= Beginning of Section =
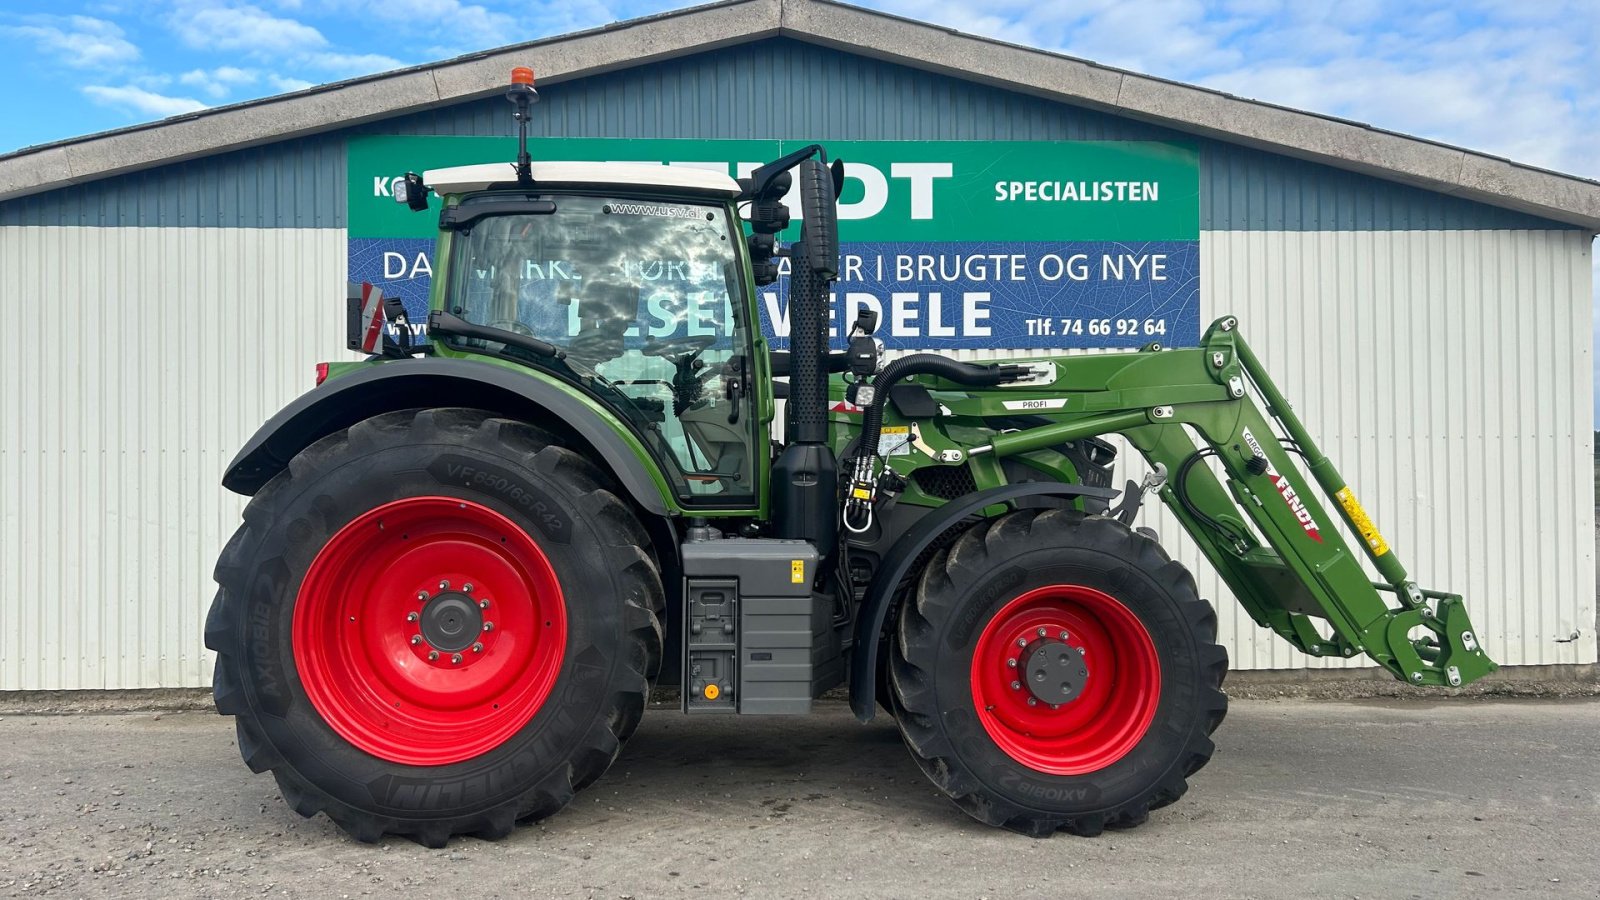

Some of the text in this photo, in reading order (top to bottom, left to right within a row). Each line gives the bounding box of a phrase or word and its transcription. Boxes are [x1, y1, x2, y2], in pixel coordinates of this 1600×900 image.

[995, 181, 1159, 201] SPECIALISTEN
[609, 203, 707, 219] www.usv.dk
[876, 254, 883, 281] I
[896, 254, 1026, 281] BRUGTE
[1039, 254, 1089, 281] OG
[1102, 254, 1167, 281] NYE
[1025, 318, 1166, 335] Tlf. 74 66 92 64
[1022, 400, 1047, 409] PROFI
[1244, 432, 1264, 458] CARGO
[1275, 475, 1320, 531] FENDT
= End of Section =
Copy the data precisely. Skip every picture.

Some of the text in this photo, in reading order (top to bottom, left to right within a row). Each line gives the bounding box of a phrase or word and its transcription. Boxes are [x1, y1, x2, y2], in pixel coordinates of this 1600×900 image.

[995, 181, 1159, 201] SPECIALISTEN
[609, 203, 707, 219] www.usv.dk
[876, 254, 883, 281] I
[896, 254, 1026, 281] BRUGTE
[1039, 254, 1089, 281] OG
[1102, 254, 1167, 281] NYE
[1025, 318, 1166, 335] Tlf. 74 66 92 64
[1022, 400, 1047, 409] PROFI
[1244, 432, 1264, 458] CARGO
[1275, 475, 1320, 531] FENDT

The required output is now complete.